Öykü Arin'in yaşadığı zorlu süreci anlatan anne Yazıcı, "Öykü Arin'e 2018 yılında JMML teşhisi konuldu. Agresif mutasyonu olduğu için nakil olması gerekiyordu. Yüzde yüz uyumlu bir donör aradığımız için kampanya başlattık. Bu kampanya binlerce insanı harekete geçirdi. Yüz binlerce insan donör oldu fakat bir eşleşme olmadı. Daha fazla beklenemeyeceği için yarı uyumlu nakili denemek zorunda kaldık. Önce benden denendi. Benden yapılan yarı uyumlu nakil başarılı olmadı. Daha sonra babasından yarı uyumlu nakil yapıldı. Bu nakil başarılı oldu fakat sonrasında ilik savaşı başladı" diye konuştu.
'RİSK DEVAM EDİYOR'
Anne Yazıcı, şöyle devam etti:
"Hastalığın nüksetme riski de var. Nakil işleminin üzerinden 5 yıl geçtiğinde, bu riskler azalmış oluyor. Gündemimizde hep tam uyumlu donör bulma konusu devam etmişti. Sadece Öykü Arin için değil, bütün Öykü'ler için donör arayışımızı sürdürdük. Türkiye'de kök hücre bağışçısı sayısı çok az. İnsanlar bilgi sahibi değiller ve ön yargıları var."

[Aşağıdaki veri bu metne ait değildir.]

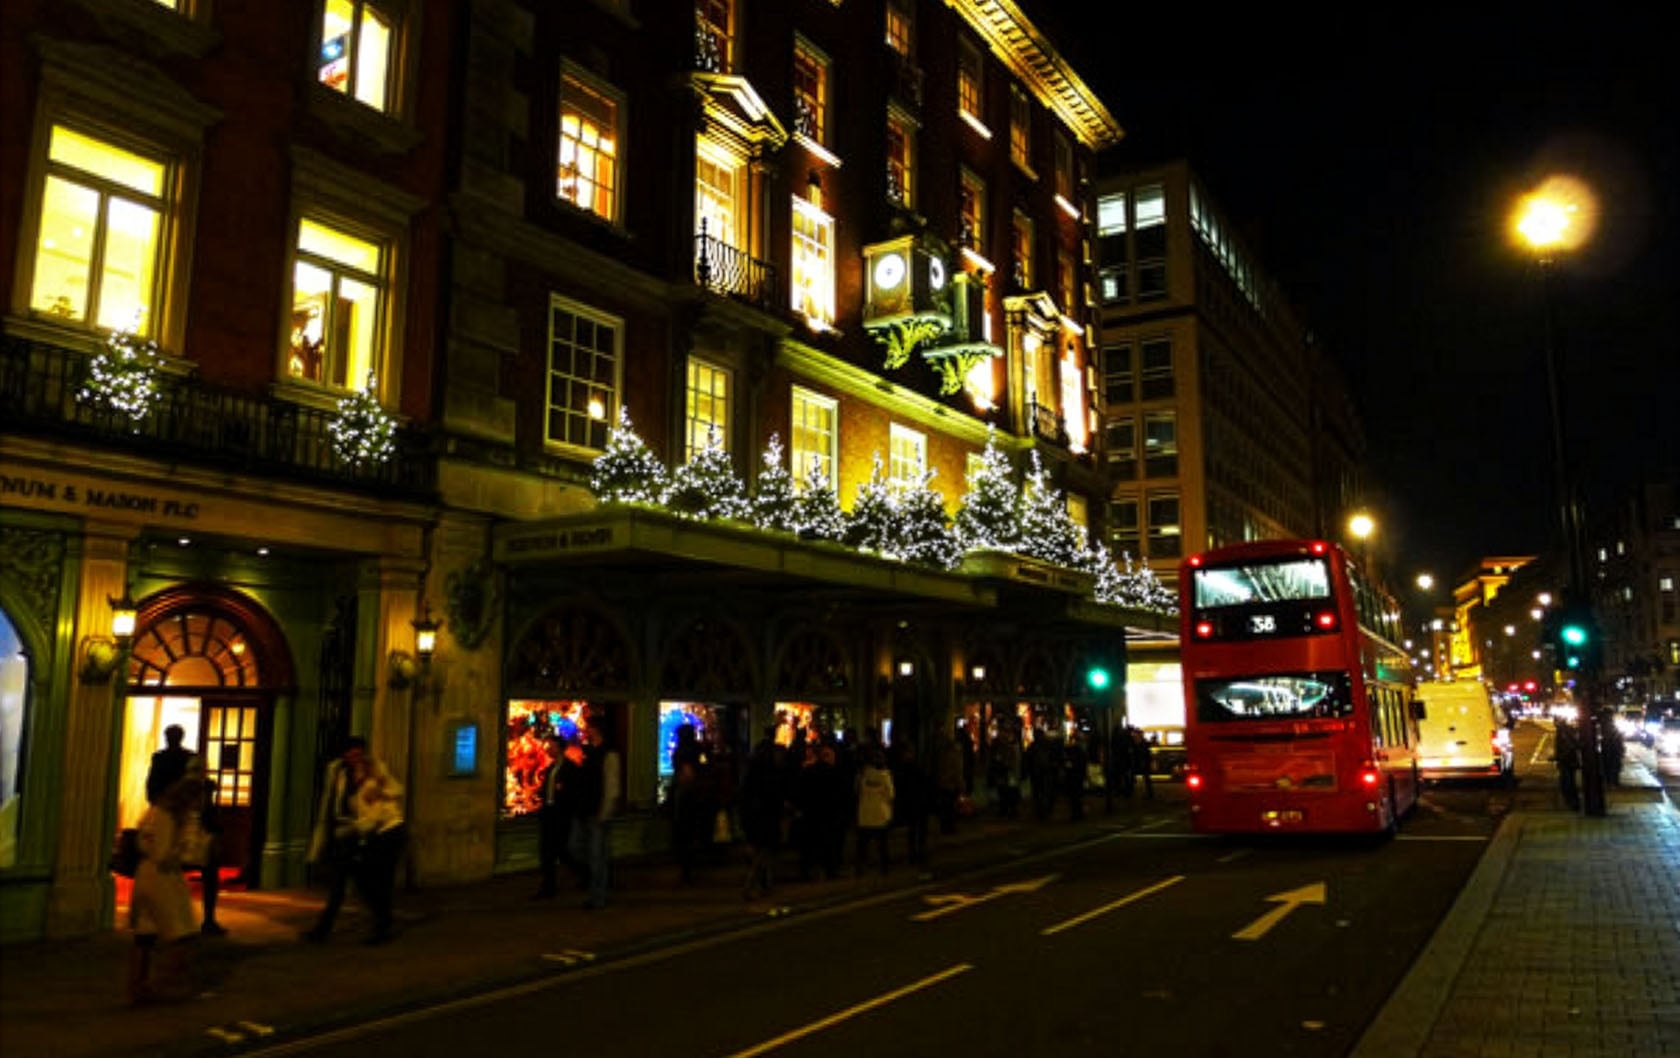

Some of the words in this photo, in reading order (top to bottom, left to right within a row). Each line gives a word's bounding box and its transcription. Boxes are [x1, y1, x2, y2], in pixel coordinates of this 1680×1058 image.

Kök hücre bağışı konusundaki farkındalığın artması gerektiğini belirten anne Yazıcı, "İnsanlar başlarına gelmeden kök hücre bağışının önemini anlayamıyor. Bu hastalıkların oranı çok yüksek. İlik nakli hayatta kalmak için çok büyük bir şans. Hala donör sayısı çok az. Kök hücre bağışçısı olmak çok önemli. Bu işe kendi kızımız için başladık ama kök hücre bağışı bekleyen yüz binlerce insan olduğunu gördük. 'Donör olun' çağrımızı da bu yöndeki çalışmalarımızı da sürdürmeye devam edeceğiz. Daha fazla insanın donör olmasını sağlamak çok önemli. Donör olun, umut olun ve asla vazgeçmeyin. Kök hücre bağışı hayat kurtarır" ifadelerini kullandı.